In conclusione, le varianti germinali normali comunemente presenti nella popolazione sono fattori importanti che determinano la risposta al trattamento. Lo studio dimostra che i polimorfismi sono un fattore predittivo prognostico indipendente della sopravvivenza nella donna con cancro al seno. Inoltre, abbiamo osservato l’effetto dell’accumulo di più fattori genetici e clinici sfavorevoli sulla cattiva prognosi di sopravvivenza e sulla risposta complessiva al trattamento. I risultati suggeriscono che i polimorfismi germinali influenzano la farmacocinetica della doxorubicina.
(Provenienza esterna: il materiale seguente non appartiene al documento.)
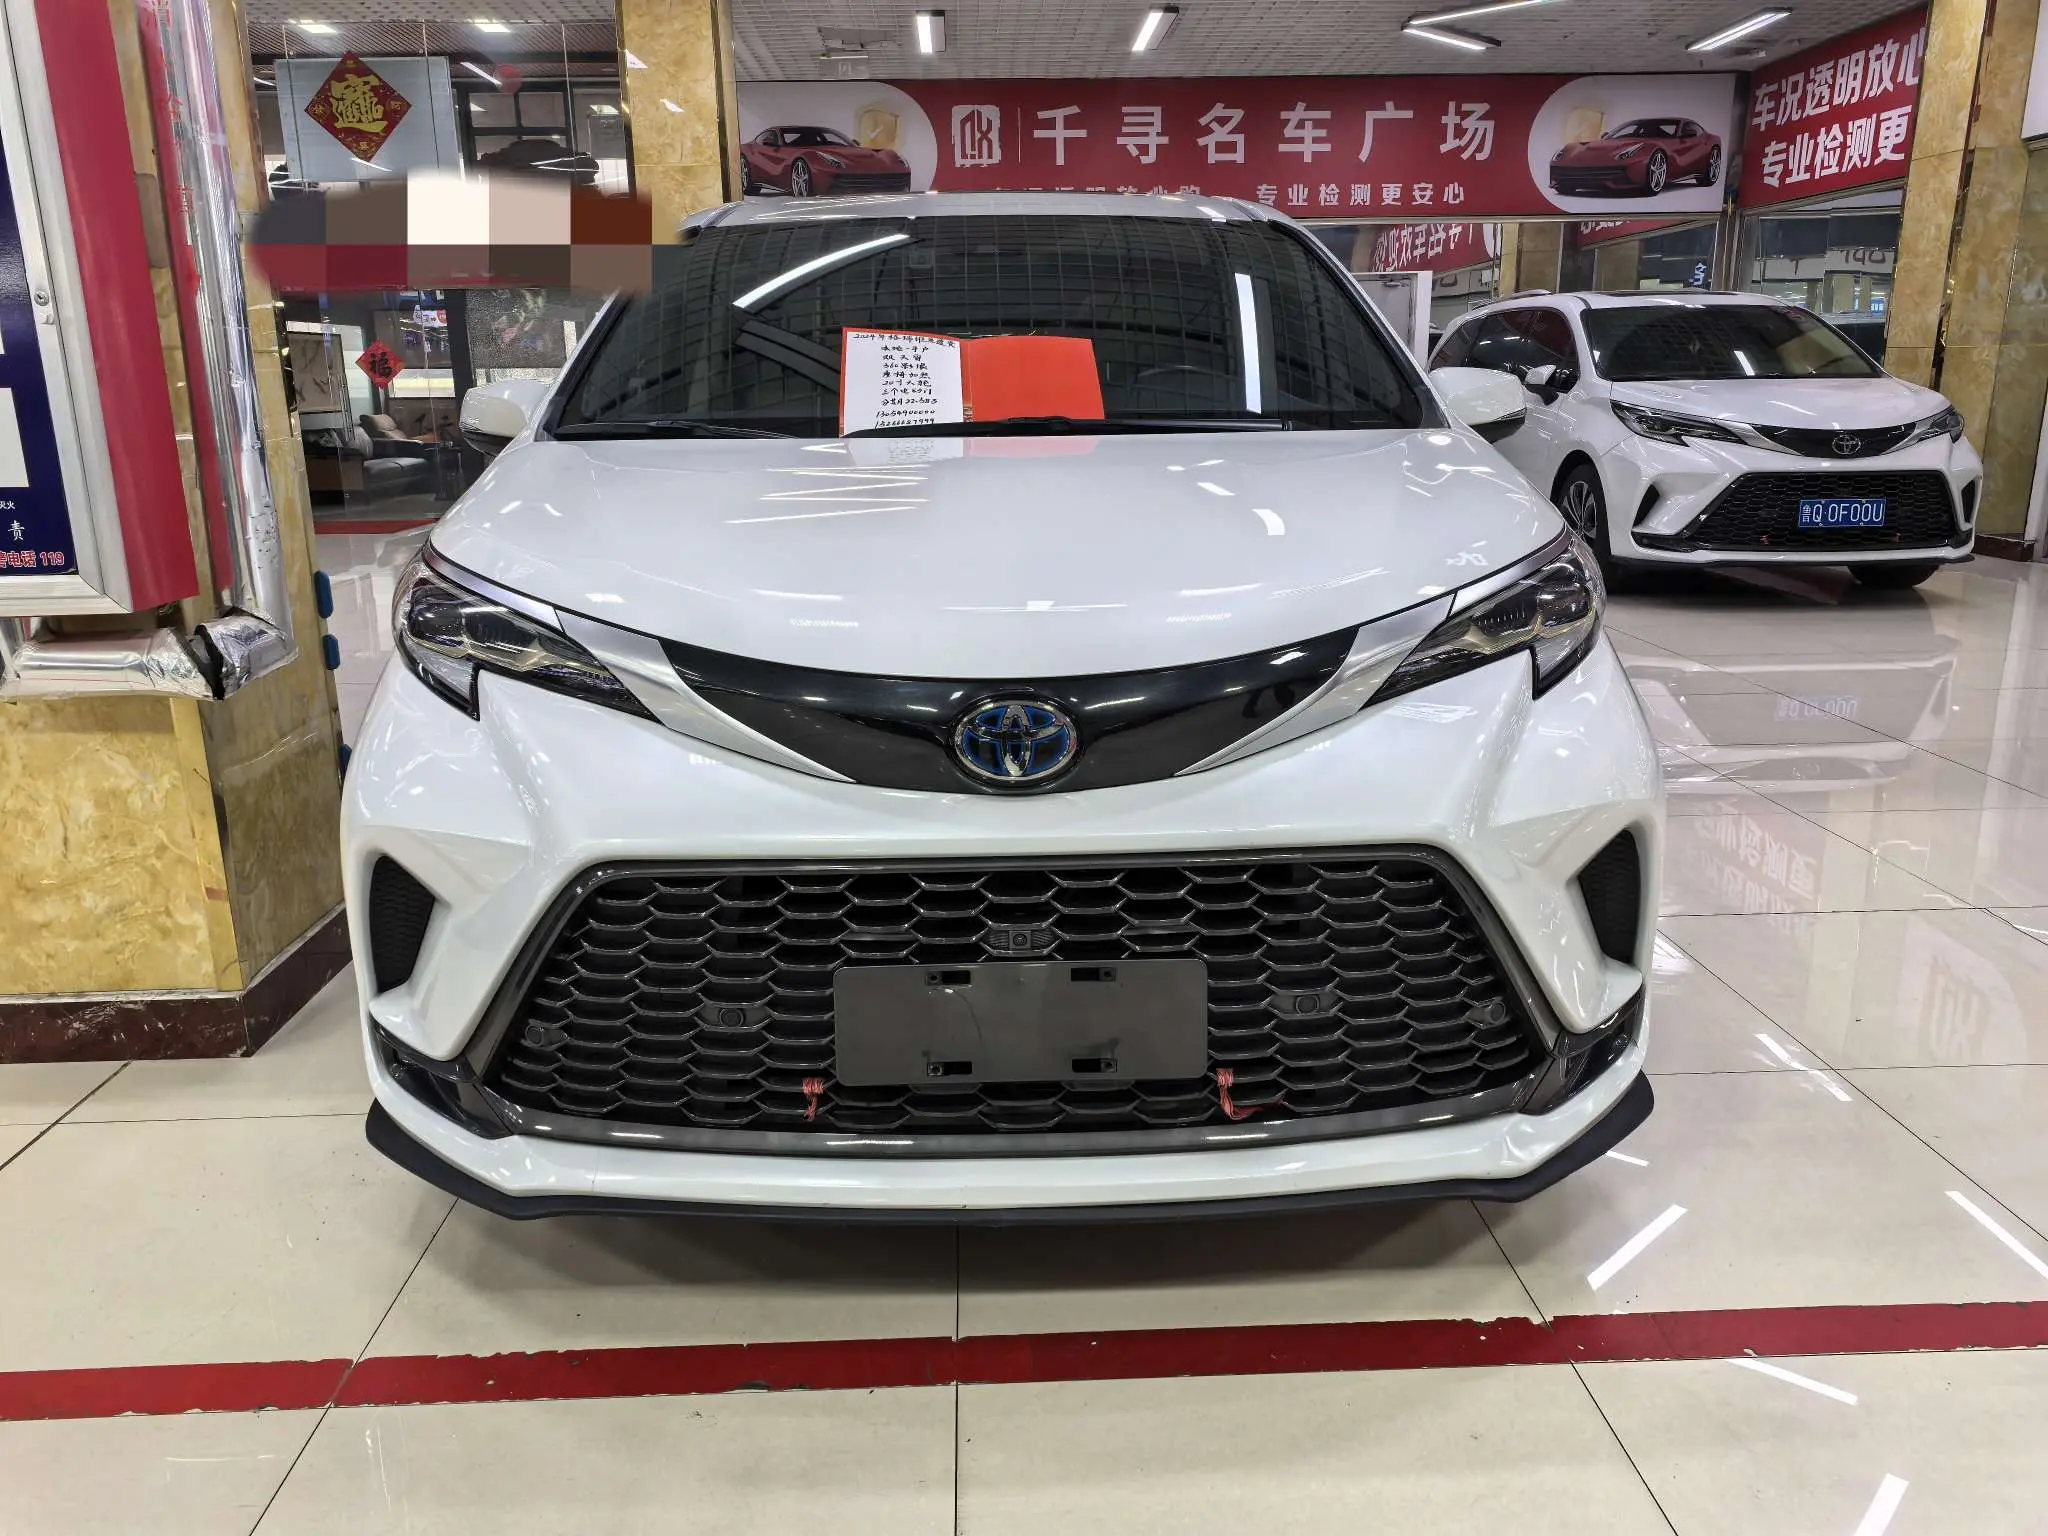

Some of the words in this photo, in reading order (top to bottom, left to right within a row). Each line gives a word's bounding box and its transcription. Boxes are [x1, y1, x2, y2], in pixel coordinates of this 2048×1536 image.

Il nostro studio indica le associazioni più forti tra la sopravvivenza globale, la sopravvivenza libera da progressione e i polimorfismi genetici nel gene SLC22A16 impegnato nel trasporto della doxorubicina. Inoltre, SNP nel gene AKR1C3, un gene coinvolto nella via del metabolismo della doxorubicina, ha un effetto sulla sopravvivenza libera da recidiva. Per riassumere, la presenza di fattori genetici e clinici avversi aumenta il rischio di un cattivo esito della risposta al trattamento nelle donne polacche con cancro al seno che sono state trattate con il regime FAC. Questo studio implica che la selezione dei pazienti basata sui modelli cumulativi di fattori sfavorevoli può essere utile per prevedere la prognosi per quanto riguarda la morte, la progressione o la recidiva.